WORK INSTRUCTION -
Give back every entry exactly; drop the pictures.

_ _ _

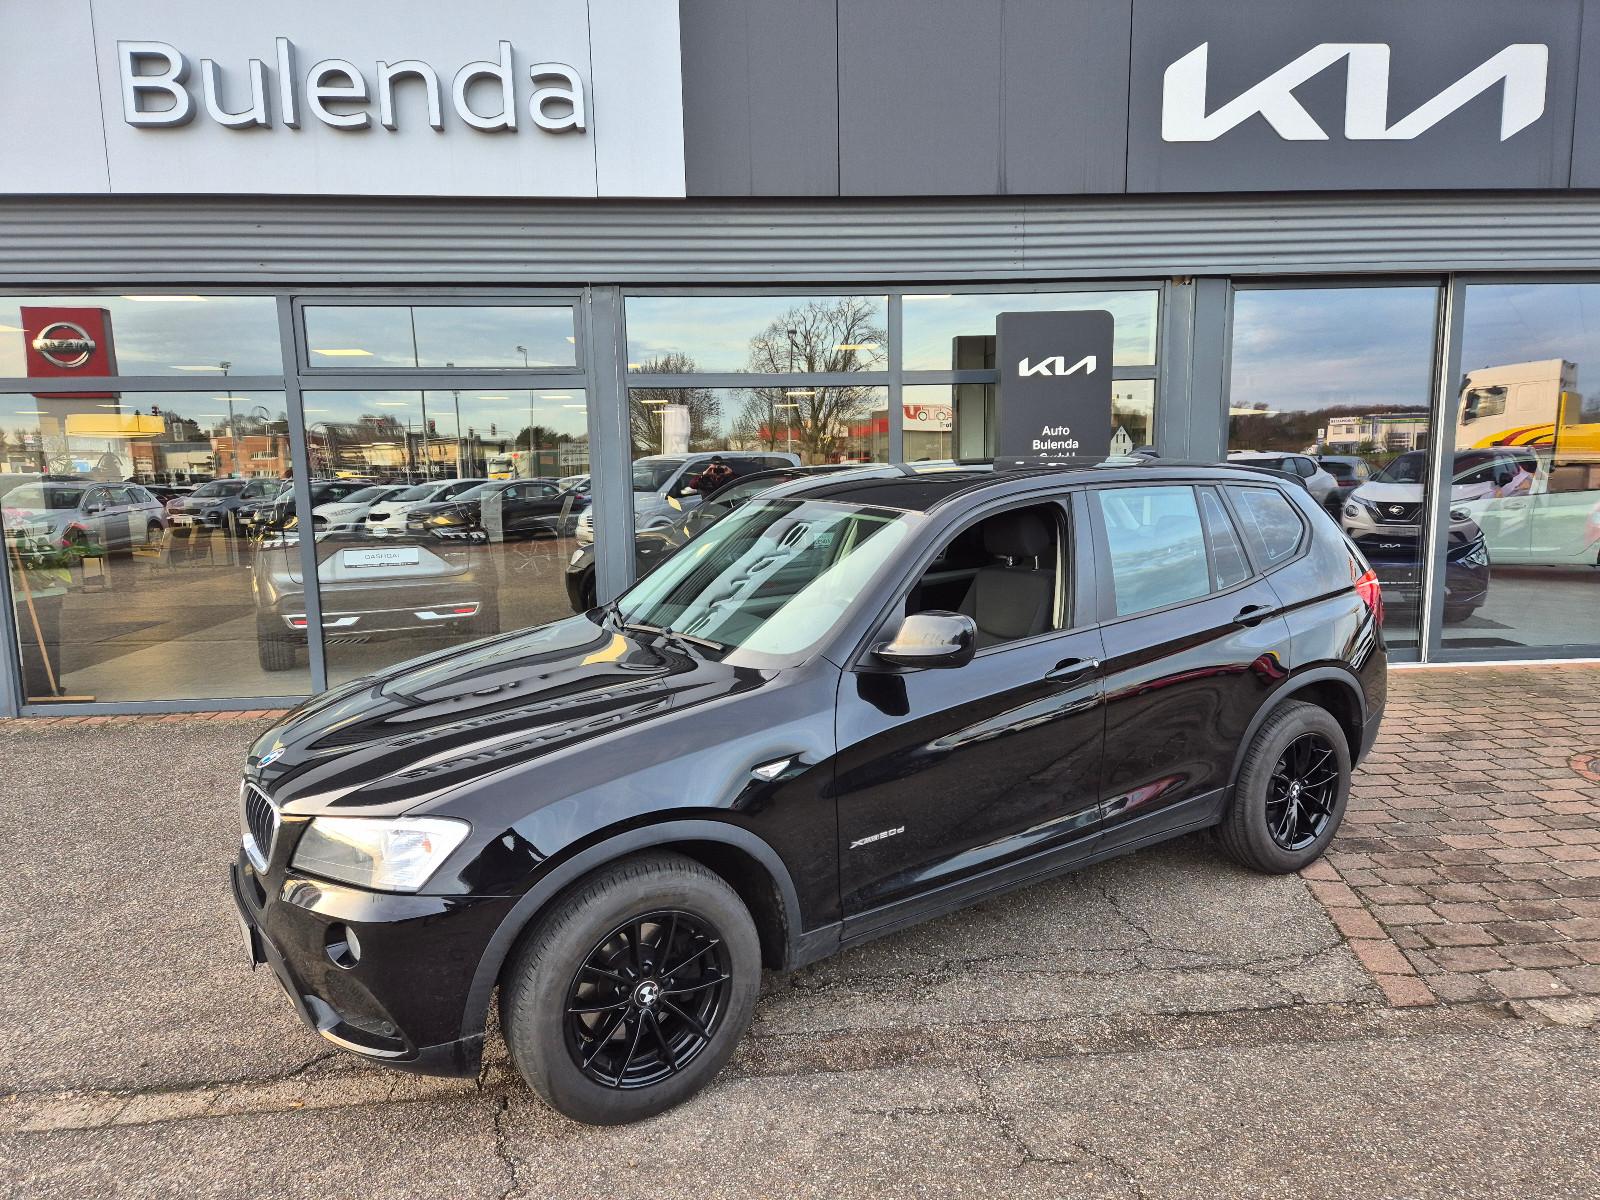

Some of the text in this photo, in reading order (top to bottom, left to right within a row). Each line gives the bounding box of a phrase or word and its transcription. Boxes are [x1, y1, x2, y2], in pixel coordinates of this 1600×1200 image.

[116, 37, 587, 133] Bulenda
[1161, 41, 1549, 142] KIA
[1018, 355, 1097, 377] KIA
[1042, 425, 1070, 436] Auto
[1032, 438, 1079, 450] Bulenda
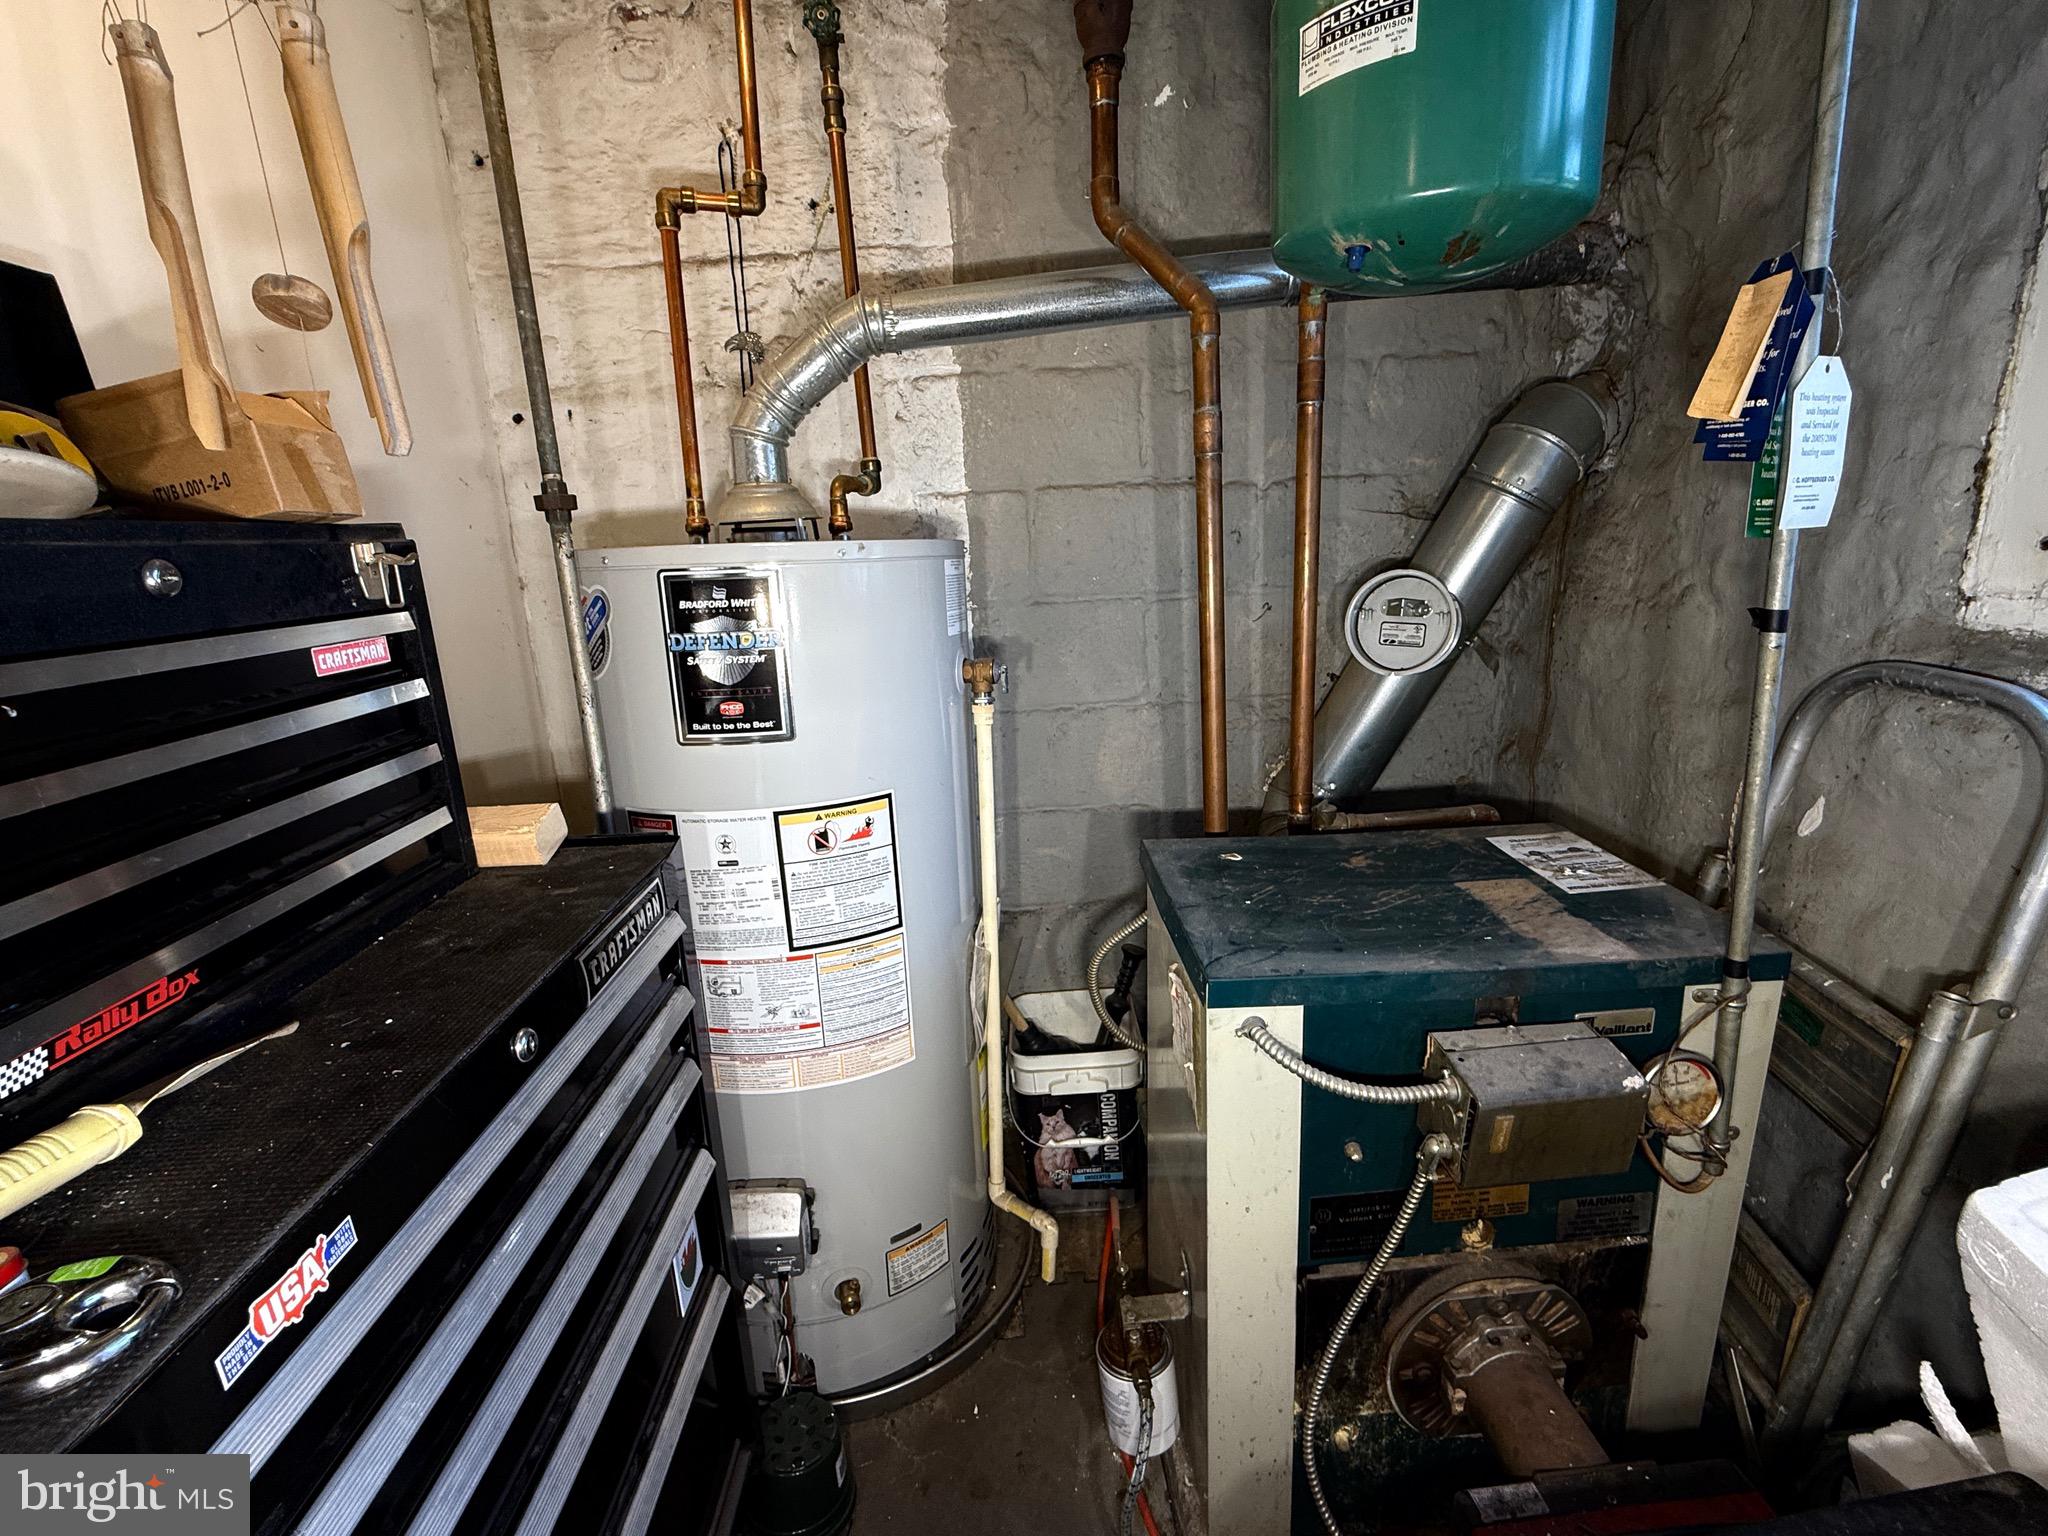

_ _ _

WRITTEN REPLY -
Some of the text in this photo, in reading order (top to bottom, left to right within a row). Each line gives the bounding box of a phrase or word and its transcription. Boxes are [x1, y1, x2, y2], in pixel coordinates of this 1600×1200 image.

[116, 37, 587, 133] Bulenda
[1161, 41, 1549, 142] KIA
[1018, 355, 1097, 377] KIA
[1042, 425, 1070, 436] Auto
[1032, 438, 1079, 450] Bulenda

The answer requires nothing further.